I've been hesistant to read this book, in part, because it's my husband's favorite author and what could I say if I ended up hating it?? I took my time and read this slowly, and did my best to avoid the 'where-are-you-at-in-the-book-and-what-did-you-think' questions.
Because my husband would often put this on as an audiobook during our roadtrips home, I would hear James Marsters as Dresden. Marsters had been doing the narration for the Dresden files, so if you need an audiobook that glues you in more than the story - pick the audiobook. You'll love his voice. I promise.
Back to the story.
Harry Blackstone Copperfield Dresden is a wizard and a private investigator. He investigates lost things, people, random things that can't be explained. His humor is dark, dry and sarcastic. He narrates his encounters with people, and the magical creatures he sees.

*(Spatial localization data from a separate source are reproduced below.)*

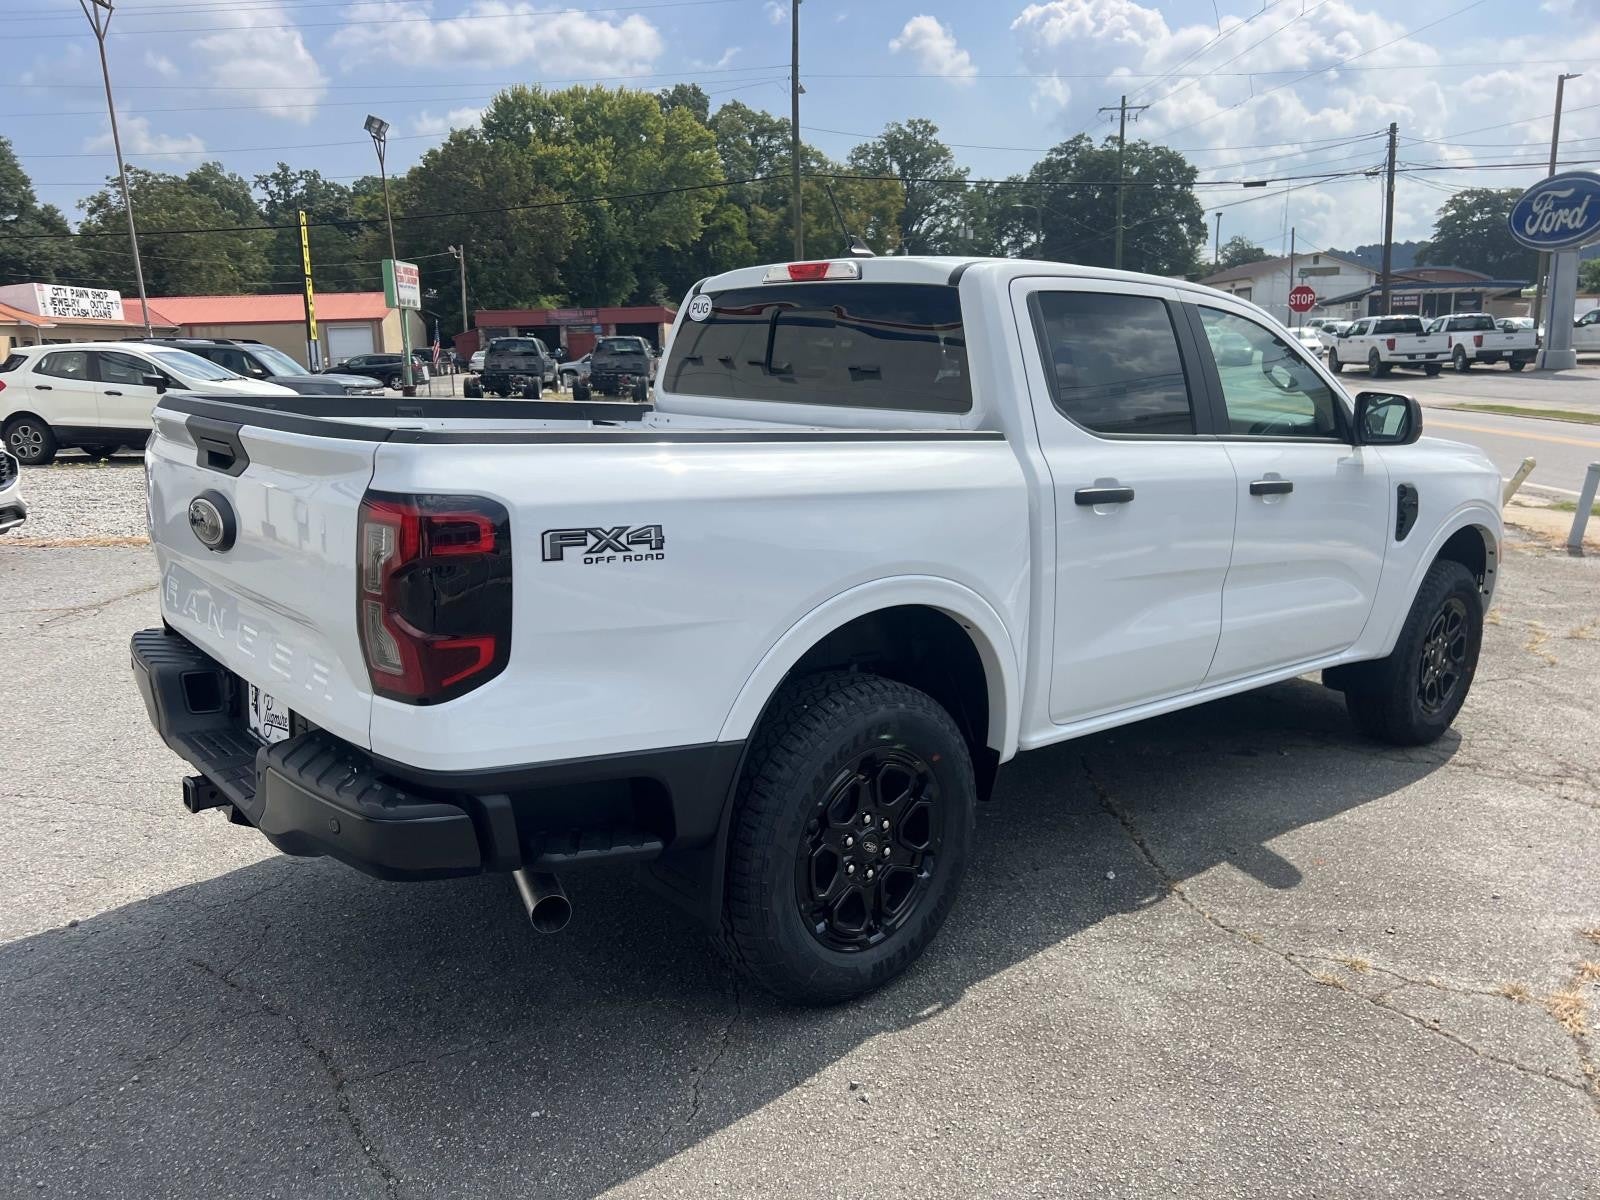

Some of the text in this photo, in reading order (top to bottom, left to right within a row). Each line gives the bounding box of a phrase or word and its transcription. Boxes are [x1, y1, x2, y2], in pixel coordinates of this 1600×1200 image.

[1525, 187, 1592, 236] Ford
[52, 287, 108, 300] CITY PAWN SHOP
[1290, 293, 1315, 305] STOP
[49, 297, 114, 310] JEWELRY OUTLET
[692, 302, 709, 314] PUG
[53, 307, 112, 319] FAST CASH LOANS
[541, 524, 665, 562] FX4
[583, 553, 665, 565] OFF ROAD
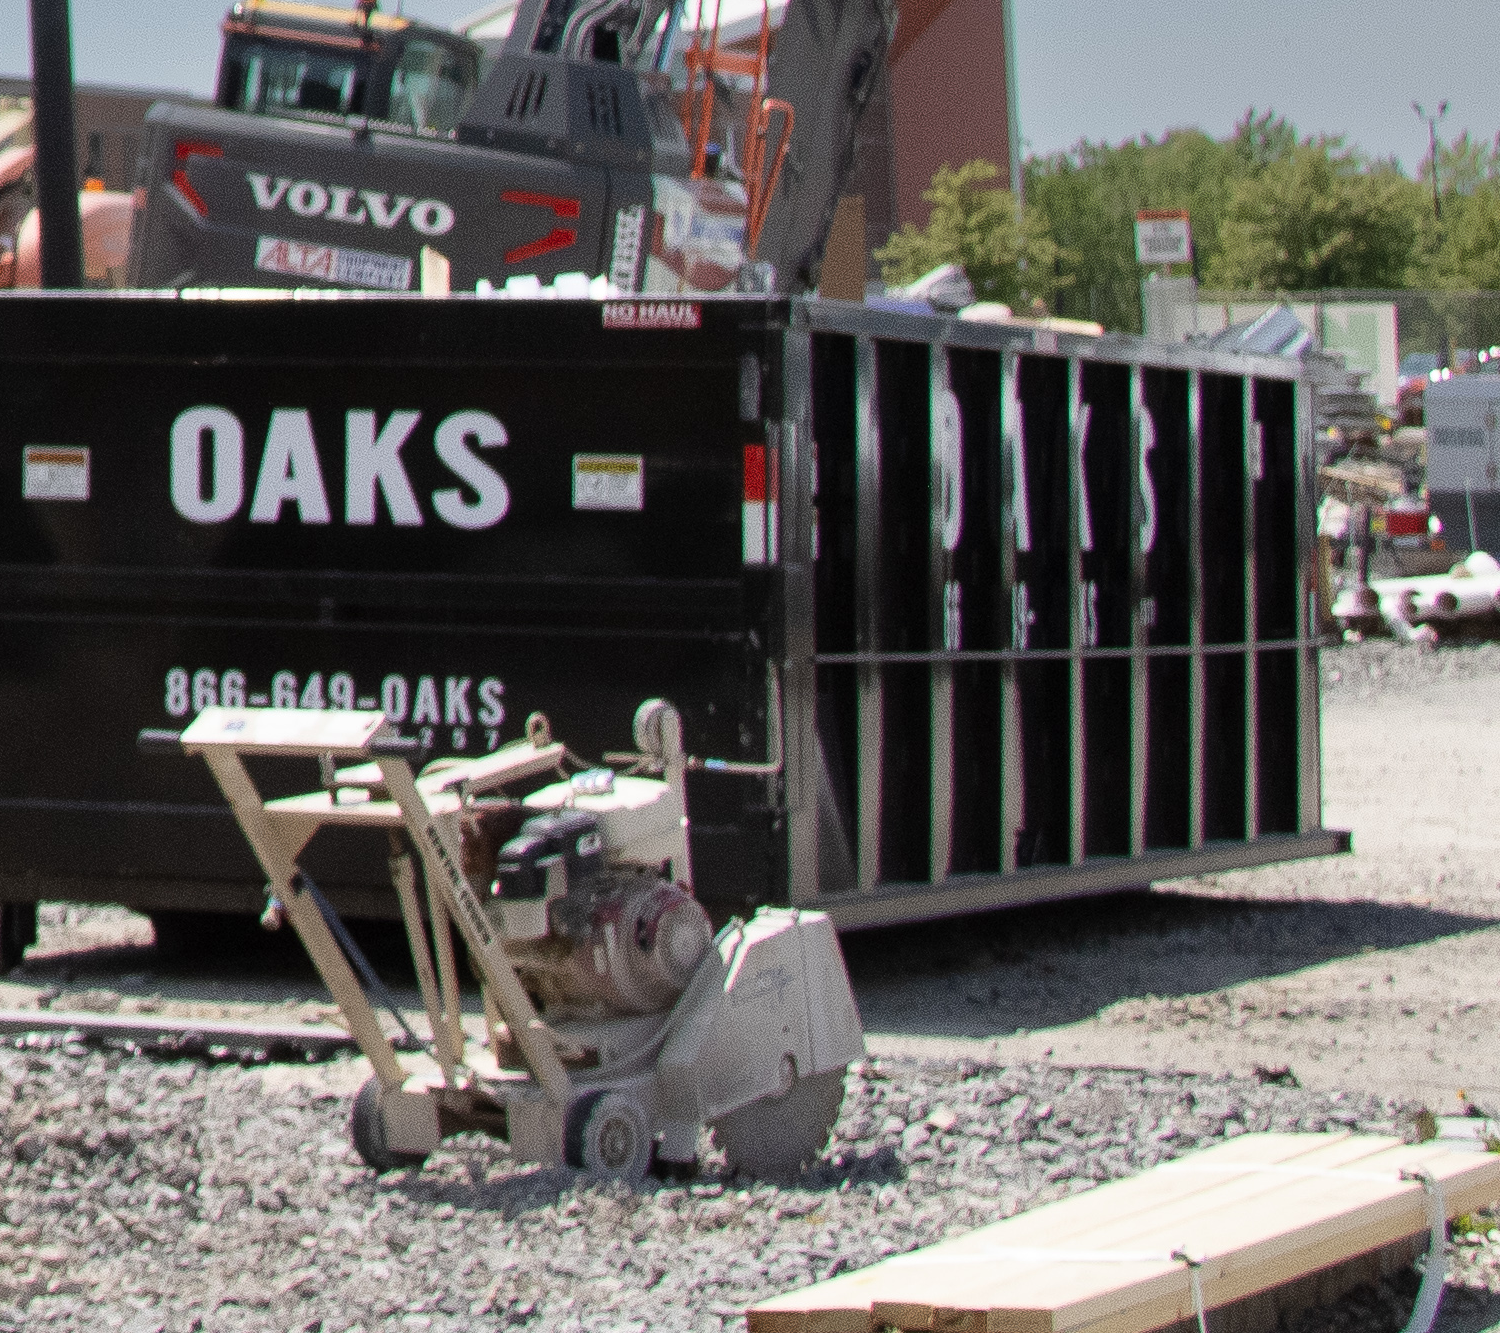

This book is fast paced. Its bracing for a storm of possibilities, and I felt like being in the eye of the storm. I could see Dresden; the frown, his duster, his staff. I could make out his outline and the energy he weilded with his whole being, simmering and readying to combust. I could make out shadows in the distant of things, creatures and people he was up against.
It's calm in the center. But with it, you know the thunder, lightning, rain will come. You know this calm is just to brace yourself for whats coming.
I like how Jim Butcher begins this story with a storm; a metaphor of things that'll come. I love how wound up Dresden is throughout the book and I love the climax that storm brought in.
I'm taking notes. This is how you begin a series.